In a recent project team meeting we were reviewing an Ishikawa diagram and root cause analysis as a means to determine the next appropriate steps on an issue we were addressing as a project team when a forgotten data point was brought forward be me of all people, the project manager. What was interesting about this is the discussion that ensued over lunch later that day with several members of the team. Someone proposed the idea that a “good” project manager is a person who possess an extrodinary memory. A level of memory such as to prevent those critical diamonds from getting lost in the rough (or chaos of the moment), regardless if it was all documented in some team minutes or report which was filed in the appropriate folder or database. This proposal was interesting in its fundamental assertion.
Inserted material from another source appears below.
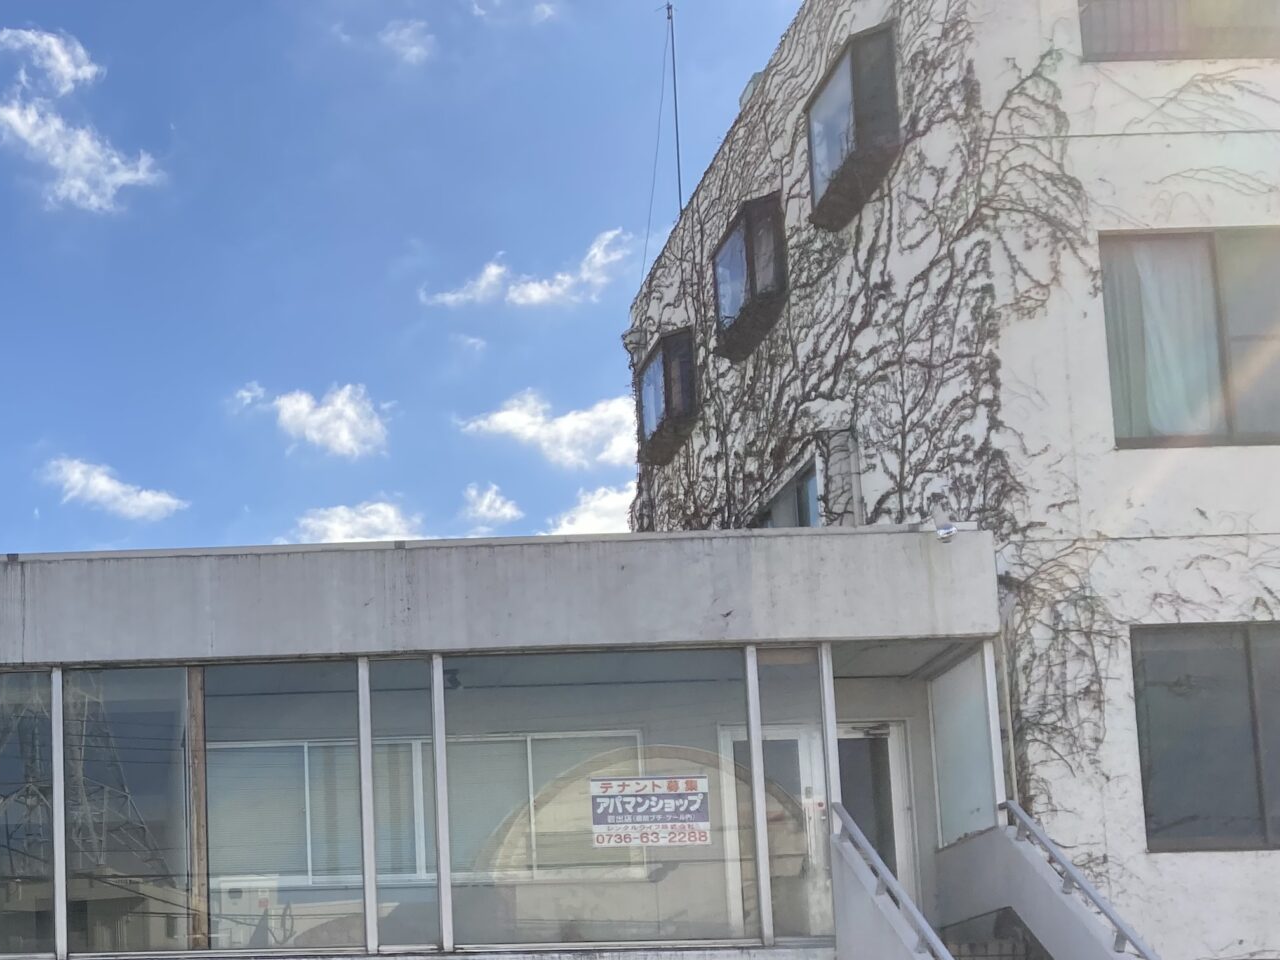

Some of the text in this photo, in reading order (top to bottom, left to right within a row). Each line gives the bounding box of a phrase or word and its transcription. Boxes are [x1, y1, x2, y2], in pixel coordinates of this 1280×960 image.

[600, 780, 698, 793] テナント募集
[596, 794, 704, 814] アパマンショップ
[596, 832, 708, 844] 0736-63-2288
We all have different means of enabling our memory.
Is memory a critical tool of the project manager?
How can we strengthen this tool as to use it at just the right moment and need?
According to Thomas H Leahey and Richard J Harris our ability to have long term memory is based on moving the information we have proccessed from sensory memory to working memory through a means of rehearsal to effectively store it in our long term memory as facts, events and emotions. Personally, my visual and recalled memory has been a strength as a project manager and after years of experience I continue to rehearse critical elements by writing them down in my project journal and on scraps of paper within reach. Yes I know this is old school, but this has always been the key to my memory. I am getting more modern these days as I have begun to use my iPhone notepad instead of all the scraps of paper!
Memory can be a very valuable asset as a project manager especially in those critical moments. Is this a tool in your tool chest?